We're looking for a technically-grounded Senior IS Compliance Analyst who speaks both security operations and compliance language fluently. This role sits at the critical intersection of technical security and governance, requiring someone who can translate complex security architectures into compliance frameworks and vice versa.

You'll be instrumental in assessing and integrating newly acquired companies into our security and compliance ecosystem, while also serving as a technical liaison for customer security assessments.
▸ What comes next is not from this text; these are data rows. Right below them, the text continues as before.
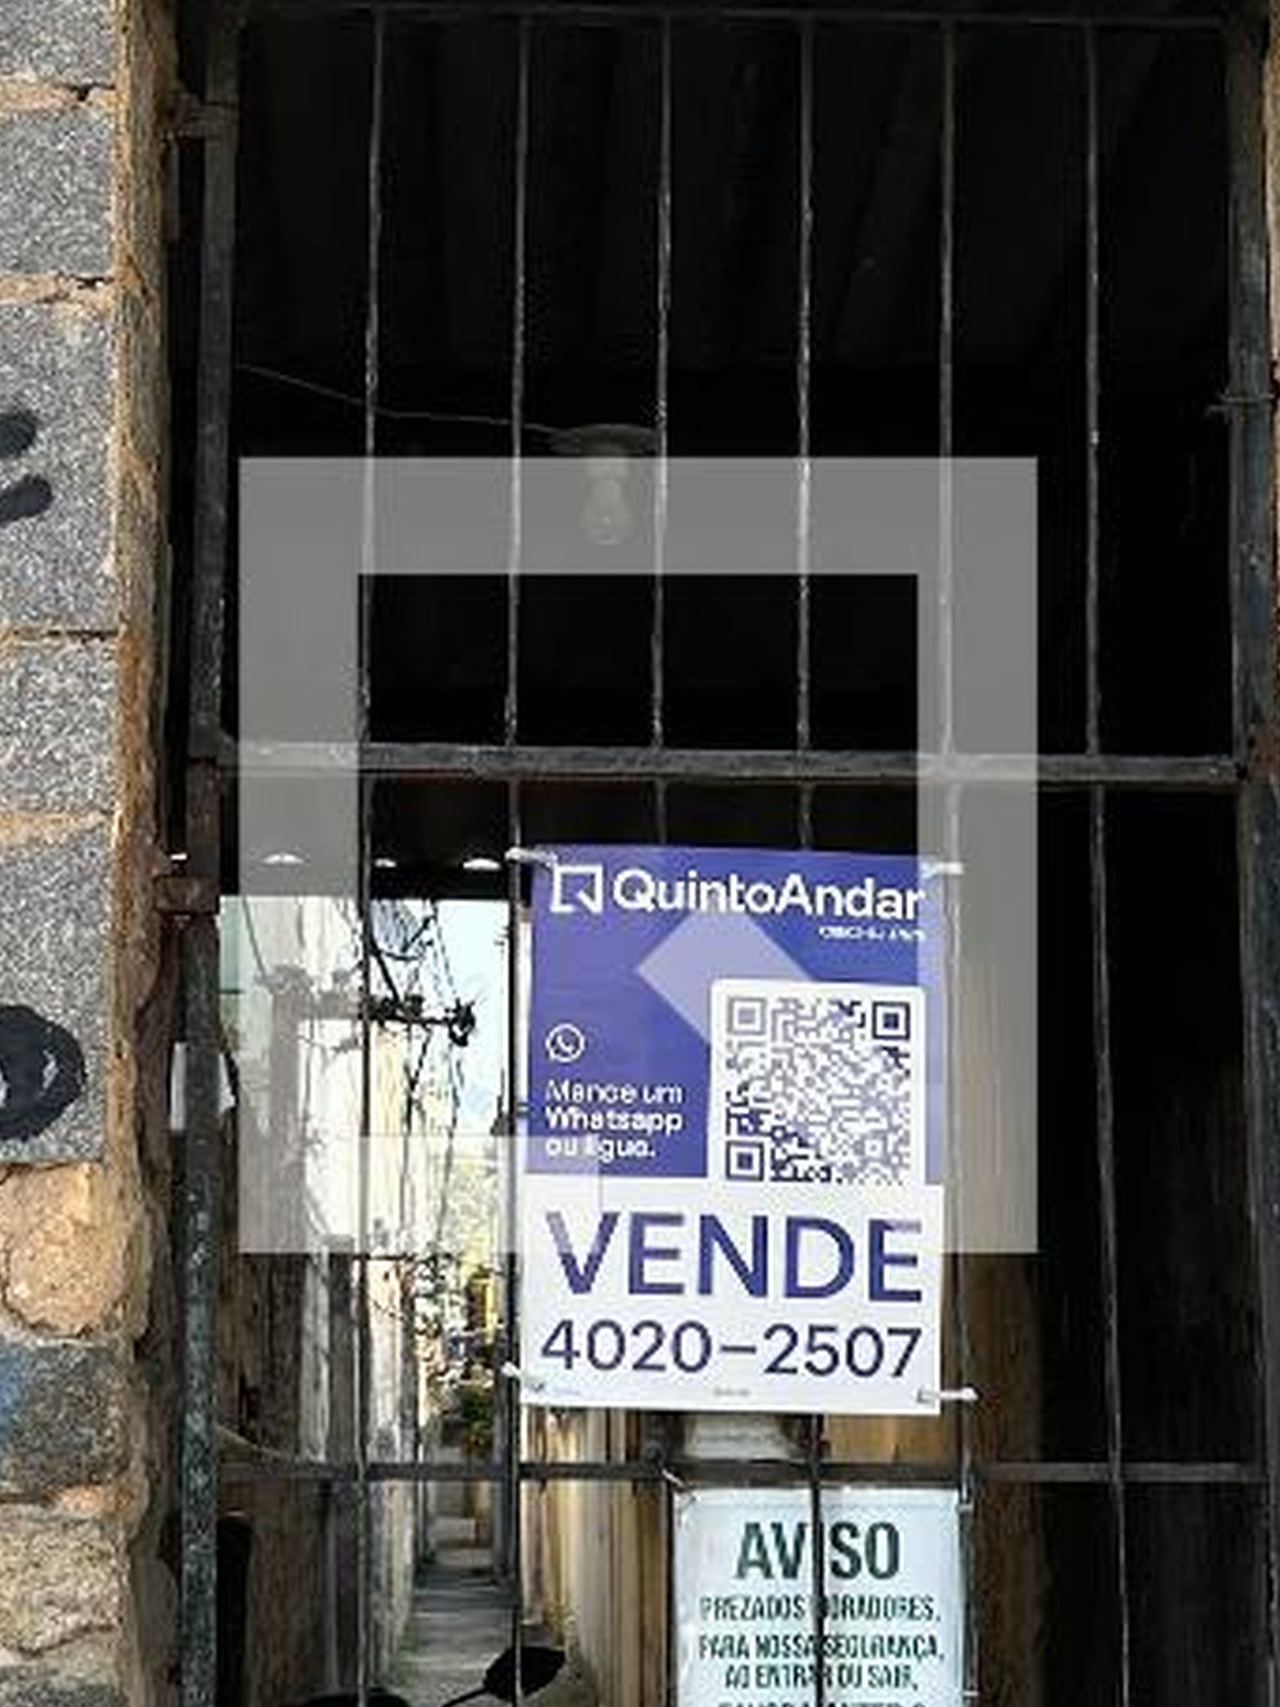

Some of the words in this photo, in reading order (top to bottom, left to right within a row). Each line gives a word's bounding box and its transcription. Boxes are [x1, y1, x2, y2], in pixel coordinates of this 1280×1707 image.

[612, 868, 924, 921] QuintoAndar
[544, 1210, 922, 1303] VENDE
[541, 1318, 922, 1378] 4020-2507
[735, 1522, 900, 1579] AVSO
[700, 1595, 806, 1621] PREZADOS
[699, 1635, 749, 1659] PARA
[725, 1665, 749, 1688] AO
[838, 1665, 863, 1688] OU
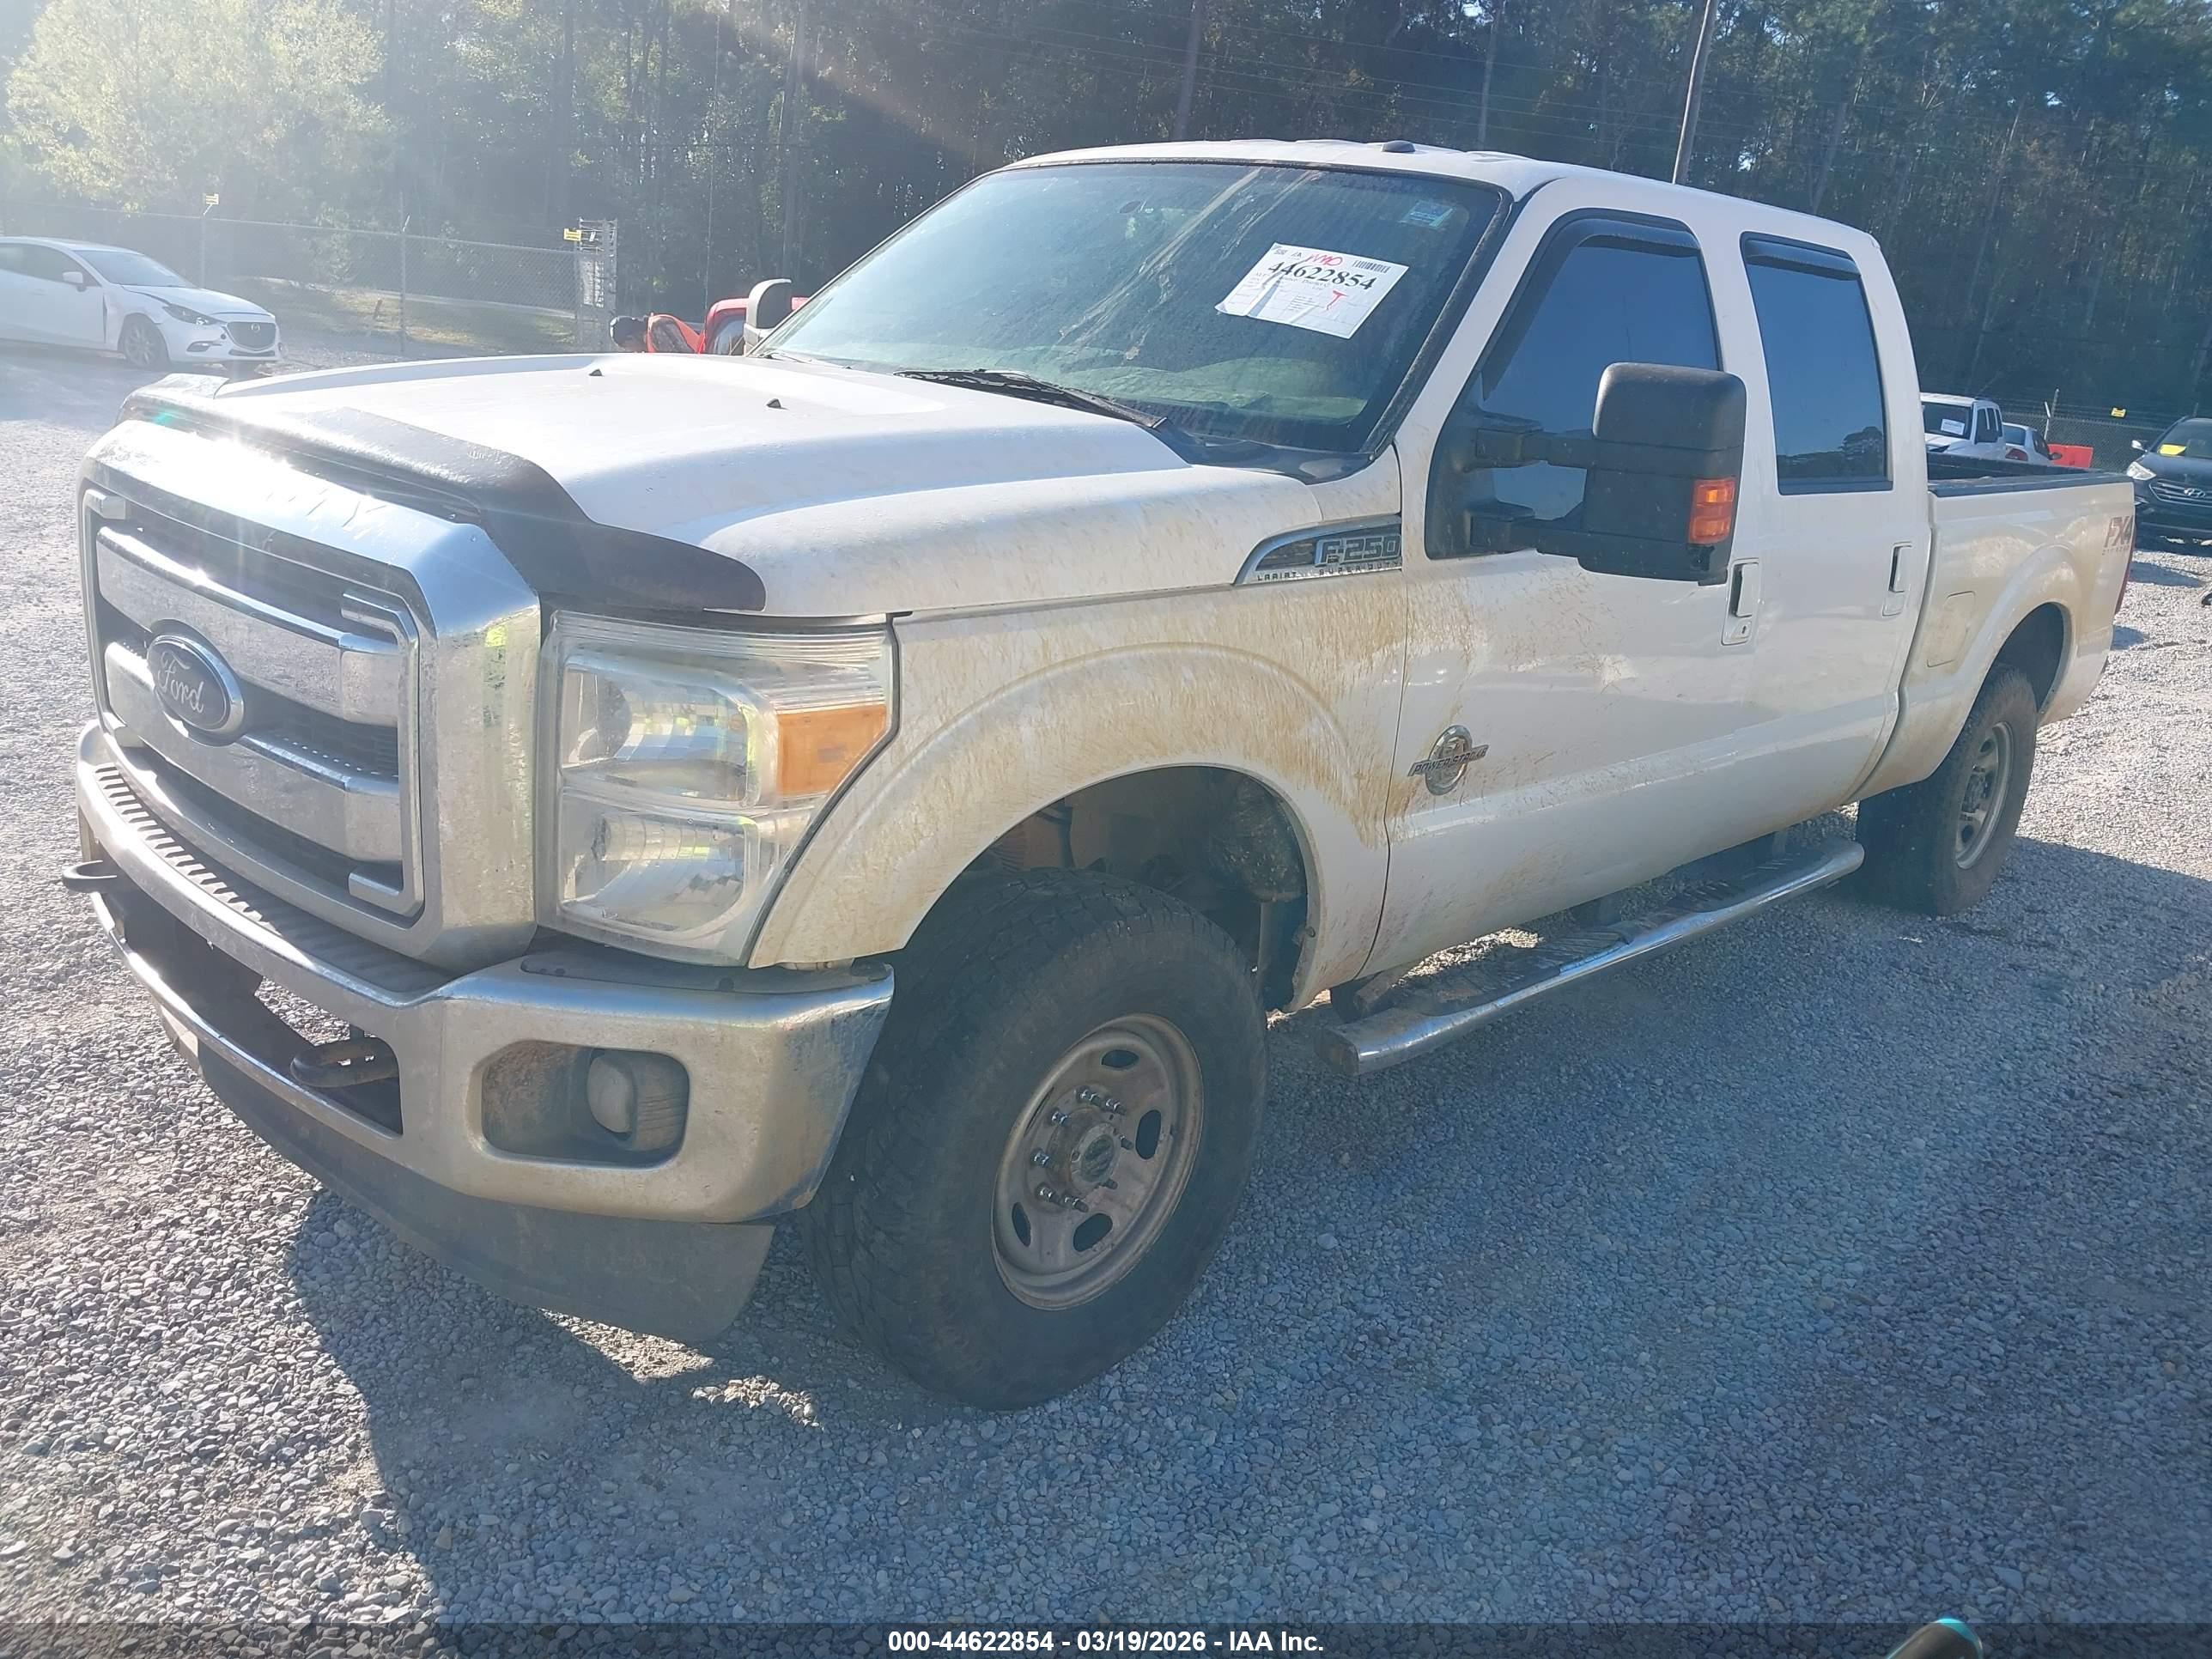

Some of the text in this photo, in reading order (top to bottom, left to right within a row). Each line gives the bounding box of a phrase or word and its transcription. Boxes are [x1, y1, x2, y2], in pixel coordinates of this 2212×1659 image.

[1267, 261, 1377, 290] 44622854
[1316, 535, 1401, 566] F-250
[1257, 571, 1297, 581] LARIAT
[1319, 565, 1361, 575] SUPER
[158, 651, 204, 714] Ford
This isn't a checkbox compliance role — we need someone who understands how security controls actually work under the hood.

• Lead technical security assessments and integration of acquired companies, mapping their security architectures and controls to our GRC frameworks, identifying gaps, and building remediation roadmaps that address both technical security and compliance alignment
• Bridge technical security and business stakeholders by evaluating risks through a technical lens, working alongside security engineering teams to translate GRC requirements into practical security measures, and communicating effectively across technical and non-technical audiences
• Develop and harmonize security policies and control frameworks across acquired entities, ensuring they're both audit-ready and operationally sound, while translating between technical security requirements and governance documentation
• Own customer security questionnaire responses by leveraging your hands-on security background to provide detailed, accurate answers and collaborating with infrastructure, application security, and operations teams to gather technical evidence
• Drive continuous improvement of our GRC program through technical security enhancements, meaningful security and compliance metrics, and process improvements that increase both control effectiveness and operational efficiency.
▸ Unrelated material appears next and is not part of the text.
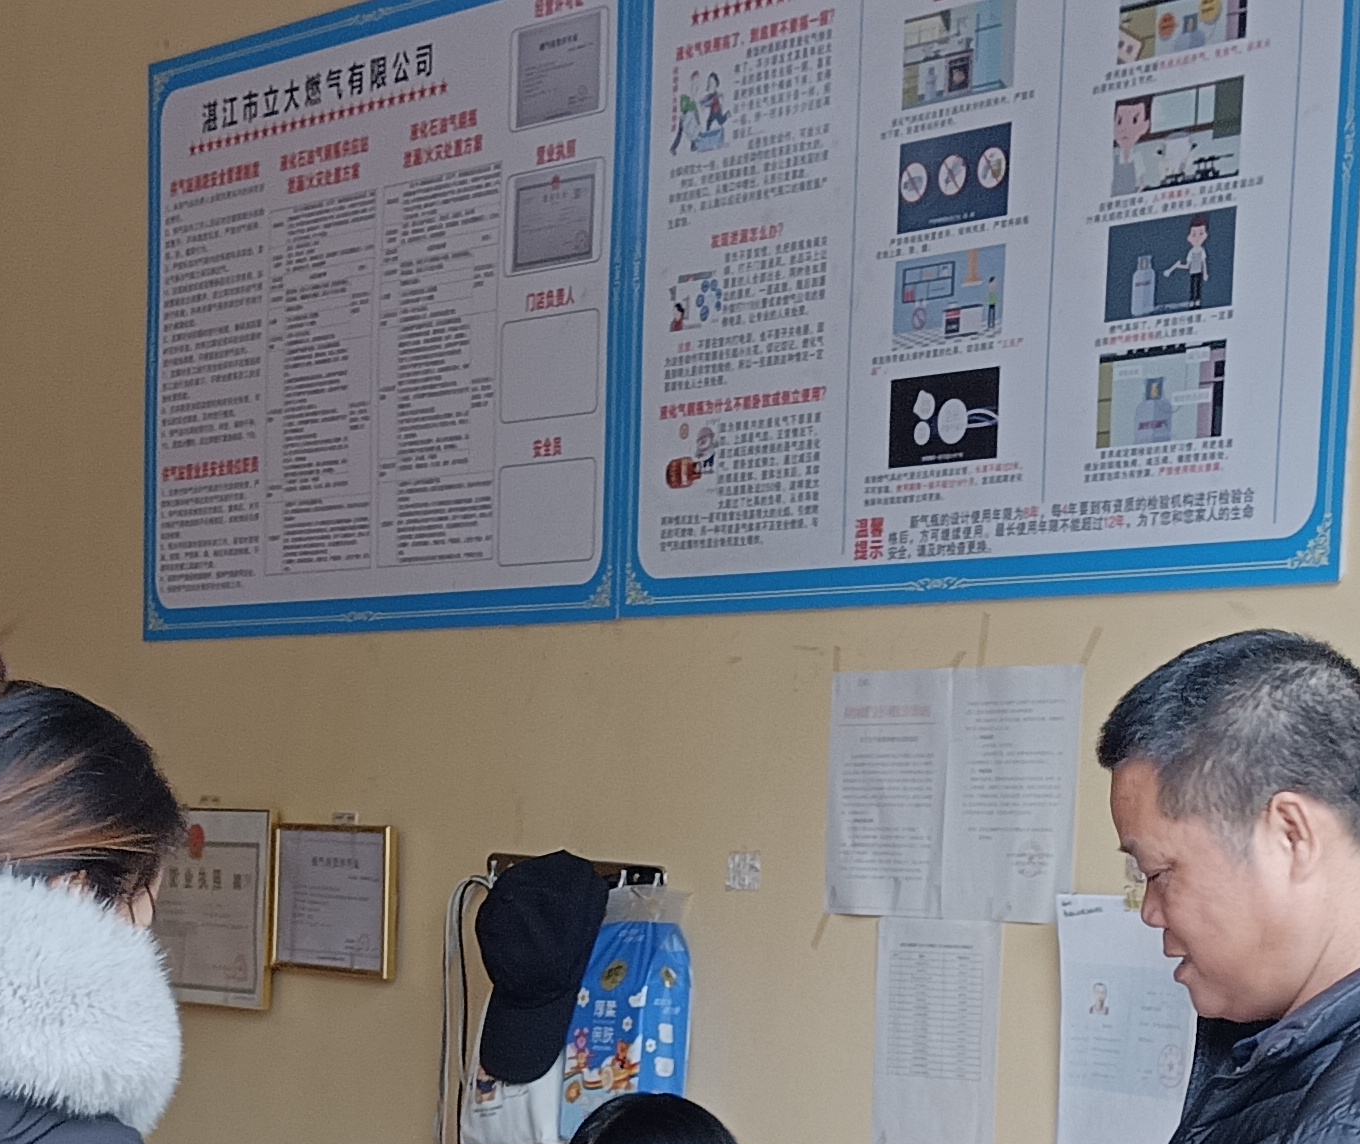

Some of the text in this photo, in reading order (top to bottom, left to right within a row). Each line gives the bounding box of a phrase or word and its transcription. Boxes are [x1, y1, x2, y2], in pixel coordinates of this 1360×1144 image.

[202, 43, 435, 134] 湛江市立大燃气有限公司
• Hands-on experience in technical security roles such as Security Operations, Incident Response, Security Analysis, penetration testing, or similar
• Practical knowledge of security tools, SIEM platforms, vulnerability management, and security monitoring; and ability to read and understand security logs, configurations, and technical documentation
• 6+ years of total experience with significant time in GRC
• Working knowledge of ISO 27001, NIST frameworks, SOC 1/2, and GDPR requirements
• Experience developing and implementing information security policies and controls
• ISO 27001:2022 Lead Implementer and Lead Auditor certification
• CISSP, CISM, CISA, or CRISC certifications – desirable

You're someone who gets excited about digging into technical security architectures but also understands why compliance frameworks matter. You can have deep technical conversations with security engineers in the morning and explain compliance requirements to business leaders in the afternoon. You're detail-oriented but don't lose sight of the bigger picture — securing the business while maintaining operational agility.
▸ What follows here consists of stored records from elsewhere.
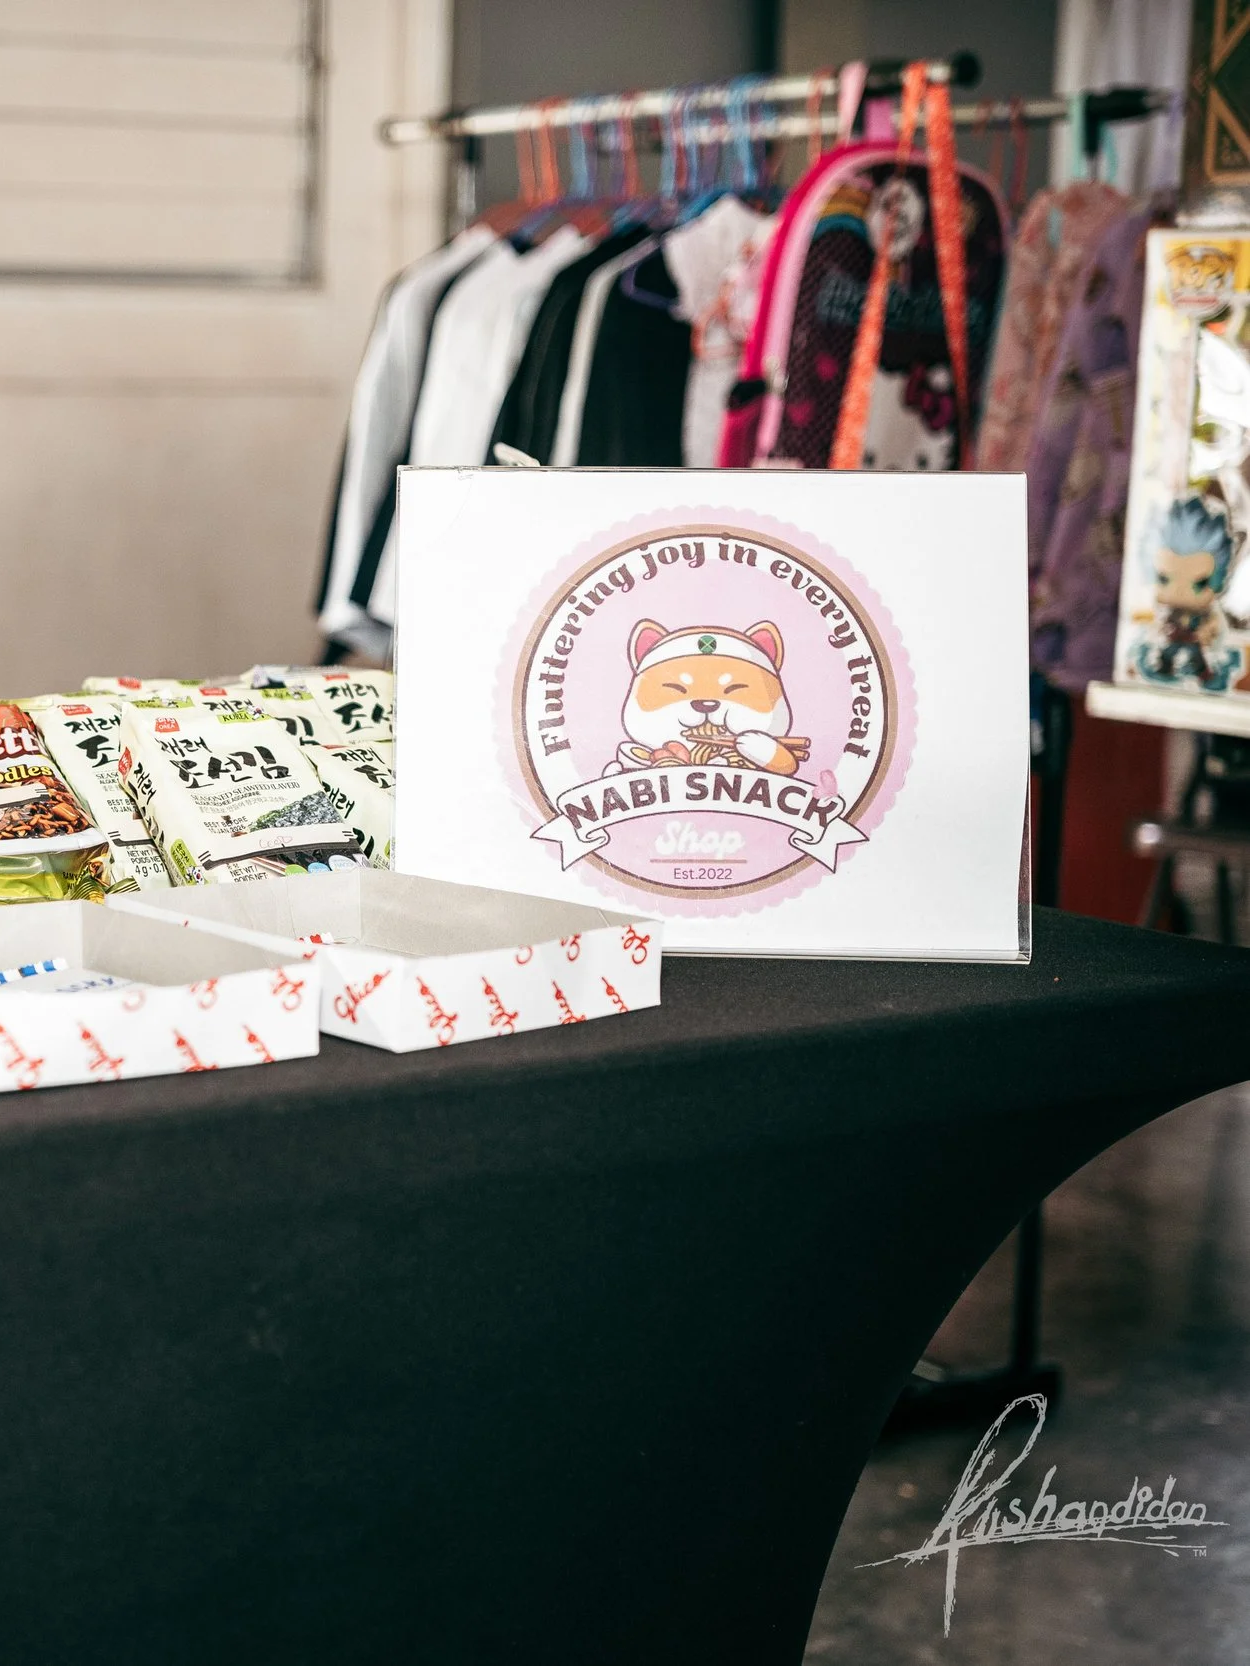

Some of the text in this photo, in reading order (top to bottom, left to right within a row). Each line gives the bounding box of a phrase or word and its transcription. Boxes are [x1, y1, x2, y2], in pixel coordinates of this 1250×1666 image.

[538, 541, 874, 759] Fluttering joy in every treat
[170, 746, 292, 789] 조선김
[564, 772, 839, 830] NABI SNACK
[654, 820, 746, 859] Shop
[673, 866, 733, 881] Est.2022
We're not just offering a role — we're inviting you to be part of a team that's genuinely transforming how global trade operates. You'll work with cutting-edge technology, collaborate with talented technical and security teams, and have the autonomy to make meaningful impact. If you're a technical security professional who's moved into GRC/Compliance and want to leverage both skill sets, this is your opportunity to do work that matters.

From time to time, WiseTech Global may use an external service provider to assess applications on our behalf. Accordingly, by applying for this role and providing your personal information to WiseTech Global, you consent to WiseTech Global providing this information to our external service providers who are required to treat such information with strict confidentiality in line with privacy and data protection laws and regulations.